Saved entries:
━━━━━━━━━━━━━━━━━━━━

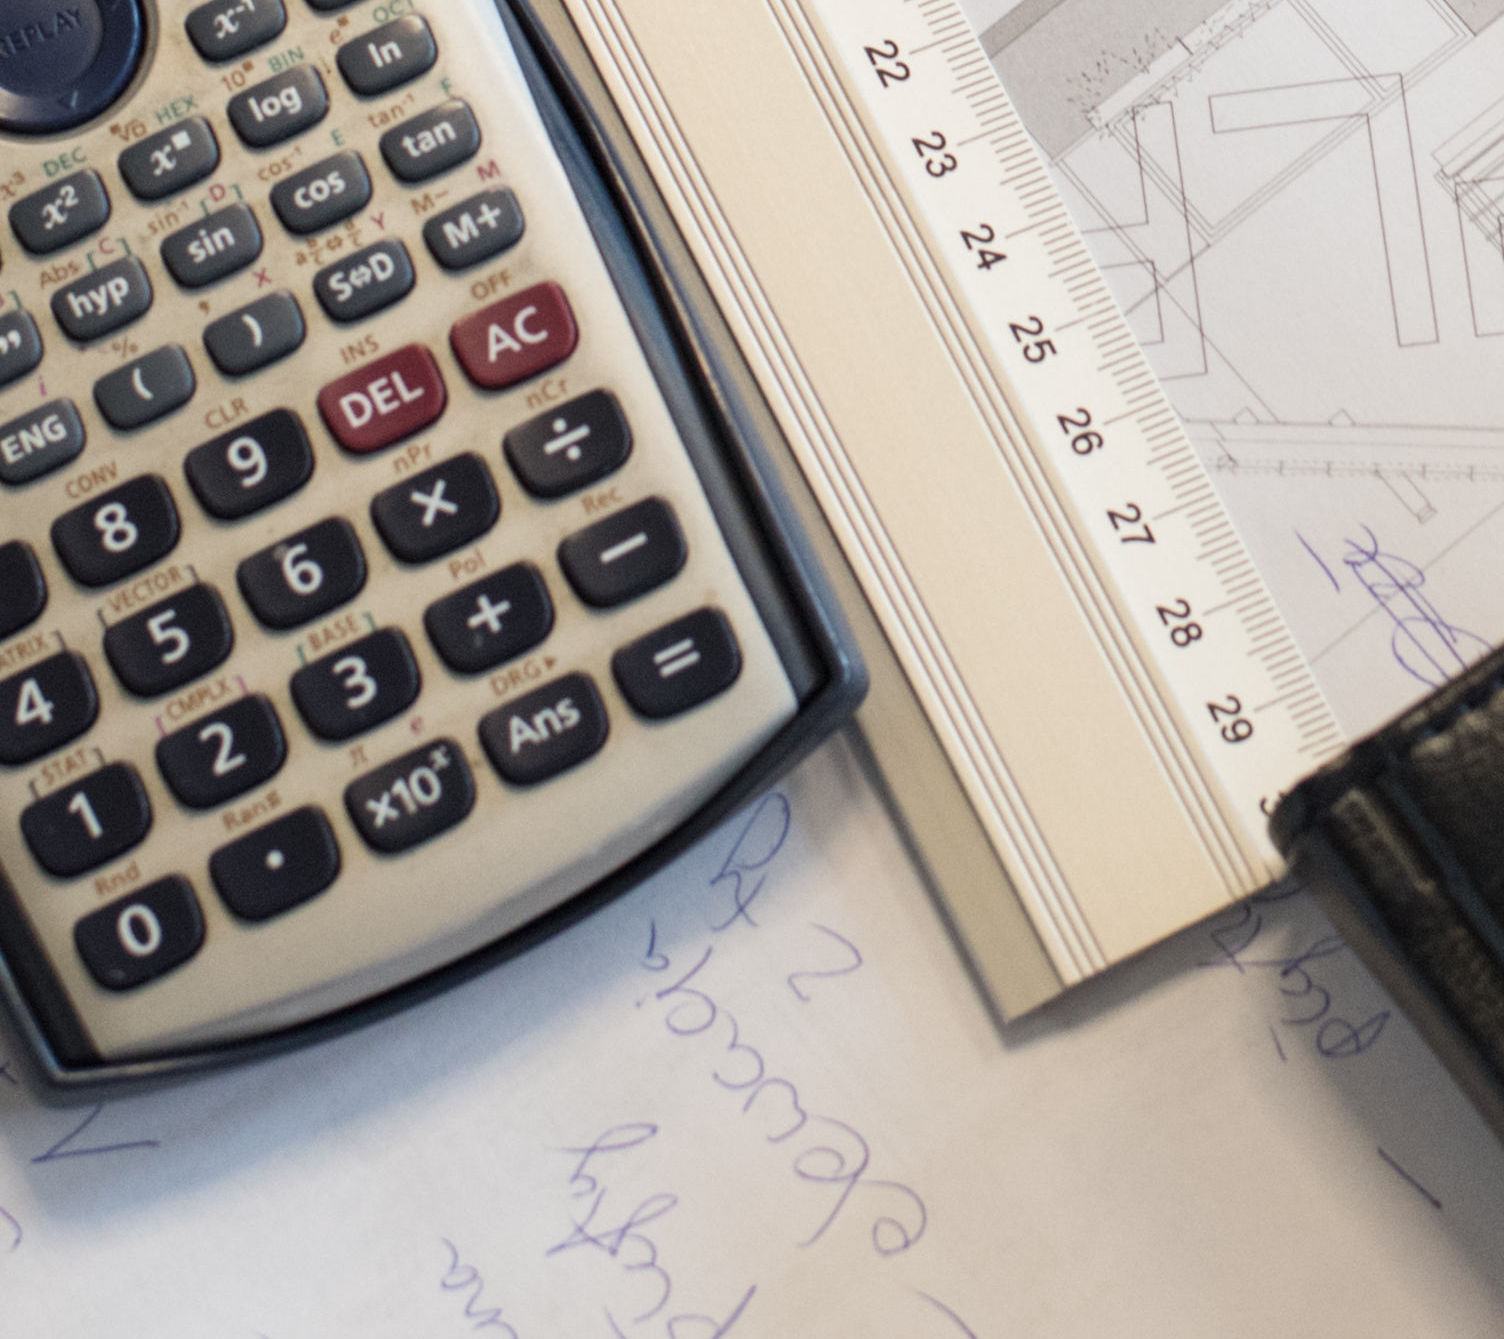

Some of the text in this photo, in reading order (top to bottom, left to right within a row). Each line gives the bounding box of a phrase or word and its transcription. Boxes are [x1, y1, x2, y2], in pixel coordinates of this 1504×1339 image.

[367, 40, 403, 69] ln
[864, 37, 912, 90] 22
[400, 120, 458, 159] tan
[293, 169, 347, 209] cos
[187, 225, 236, 264] sin
[958, 222, 1007, 272] 24
[66, 275, 130, 320] hyp
[486, 305, 549, 364] AC
[338, 370, 425, 429] DEL
[0, 413, 68, 465] ENG
[1056, 406, 1105, 457] 26
[225, 435, 269, 488] 9
[94, 501, 139, 553] 8
[106, 565, 183, 613] VECTOR
[281, 543, 324, 596] 6
[146, 608, 191, 664] 5
[307, 613, 360, 652] BASE
[1156, 597, 1204, 649] 28
[14, 677, 55, 726] 4
[165, 678, 234, 722] CMPLX
[331, 655, 377, 711] 3
[199, 722, 247, 777] 2
[506, 696, 581, 754] Ans
[40, 748, 89, 787] STAT
[67, 790, 104, 839] 1
[116, 903, 164, 957] 0
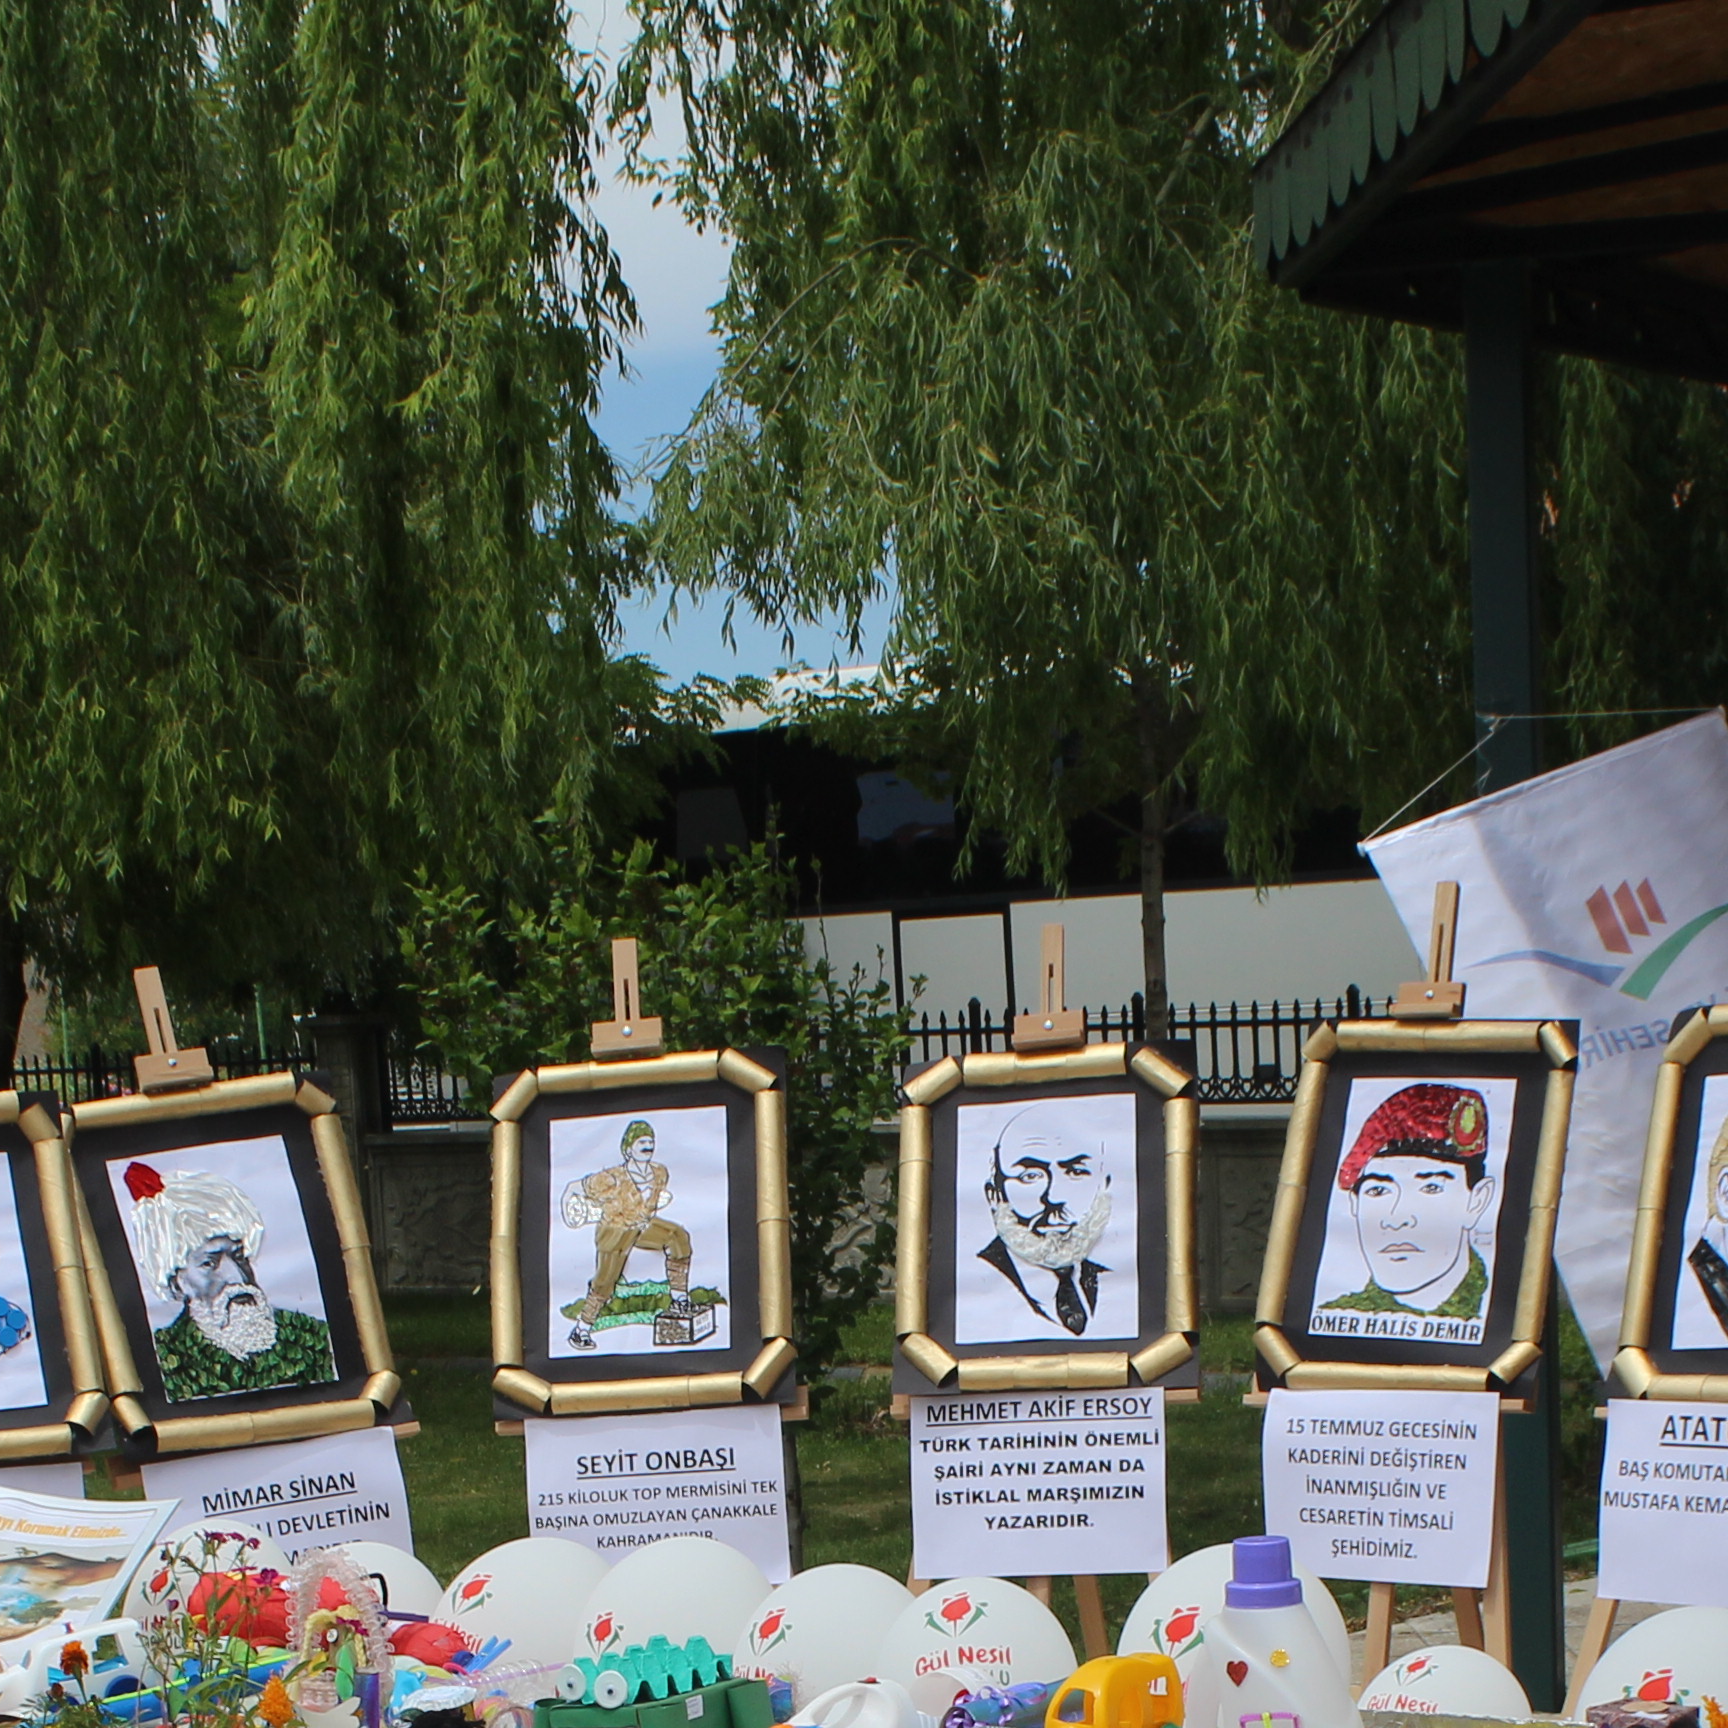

━━━━━━━━━━━━━━━━━━━━

The entries are to be reproduced exactly, excluding any pictures they contain.

Some of the text in this photo, in reading order (top to bottom, left to right within a row). Each line gives the bounding box of a phrase or word and its transcription. Boxes are [x1, y1, x2, y2], in pixel coordinates of this 1504×1339 image.

[367, 40, 403, 69] ln
[864, 37, 912, 90] 22
[400, 120, 458, 159] tan
[293, 169, 347, 209] cos
[187, 225, 236, 264] sin
[958, 222, 1007, 272] 24
[66, 275, 130, 320] hyp
[486, 305, 549, 364] AC
[338, 370, 425, 429] DEL
[0, 413, 68, 465] ENG
[1056, 406, 1105, 457] 26
[225, 435, 269, 488] 9
[94, 501, 139, 553] 8
[106, 565, 183, 613] VECTOR
[281, 543, 324, 596] 6
[146, 608, 191, 664] 5
[307, 613, 360, 652] BASE
[1156, 597, 1204, 649] 28
[14, 677, 55, 726] 4
[165, 678, 234, 722] CMPLX
[331, 655, 377, 711] 3
[199, 722, 247, 777] 2
[506, 696, 581, 754] Ans
[40, 748, 89, 787] STAT
[67, 790, 104, 839] 1
[116, 903, 164, 957] 0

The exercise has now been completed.